Reconfigurable cellulose-supported ZnO microflowers for environmental remediation: from emerging pollutants photodegradation to smart antibacterial interfaces

Abstract

The misuse/overuse of antibiotics in the last 20 years has caused a dramatic evolution of antimicrobial resistance1. To this aim, new strategies to overcome this challenge can by the employ of new rationally designed materials. Among the possible candidates, ZnO-based materials are increasingly studied, given their optimal photocatalytic properties and excellent biocompatibility as reported by the Food and Drug Administration (21CFR182.8991)2. The study focuses on the synthesis of ZnO microflowers (MFs) and their incorporation into cellulose foils or powder for the light-triggerable release of ROS (reactive oxygen species).
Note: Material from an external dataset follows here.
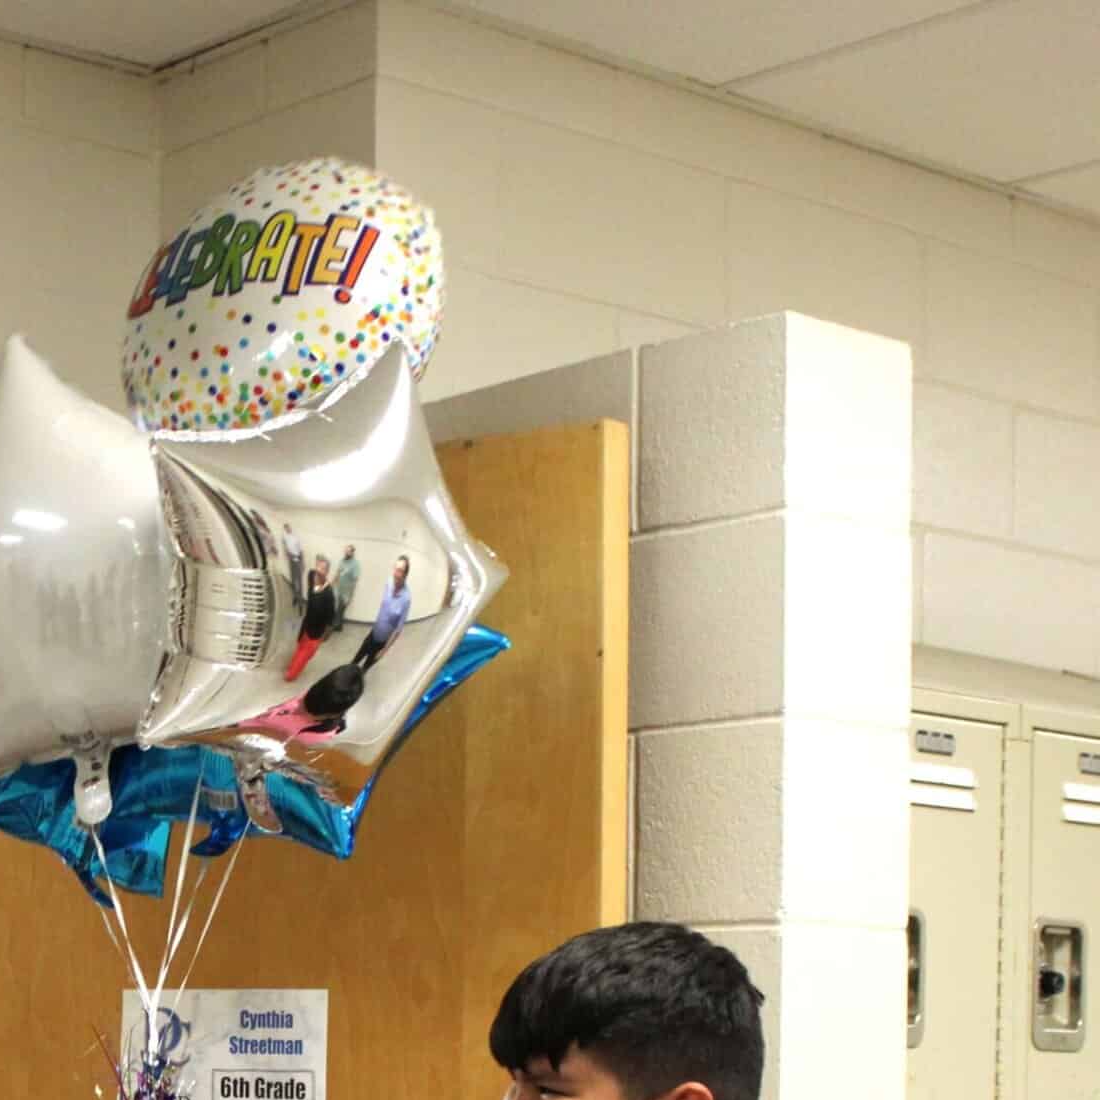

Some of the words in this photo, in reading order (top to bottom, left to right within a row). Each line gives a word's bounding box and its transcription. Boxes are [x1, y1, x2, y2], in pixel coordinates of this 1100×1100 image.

It is demonstrated a synthetic approach of highly photocatalytic active ZnO MFs based on a central composite experimental design in which the synthesis parameters - such as zinc ions and KCl concentrations and synthesis temperature - are all investigated to obtain the optimal photodegradation response of dye pollutants (e.g. methylene blue). The ZnO MFs synthesis is further optimized to induce biologically-inspired dissipative motion for capturing pollutants3, by ZnO-based microrobots in the form of Ag/ZnO heterojunctions, resulting in promising features. The morphology and the physico-chemical properties of the materials are analysed by instrumental techniques (DRS, SEM, XPS, XRD, UV-Vis and ζ-potential). It is found an optimal ZnO loading to enhance the photocatalytic properties as a result of surface-to-bulk dispersion4. In parallel, preliminary antibacterial activity of the ZnO-based systems are studied on gram-positive and gram-negative strains.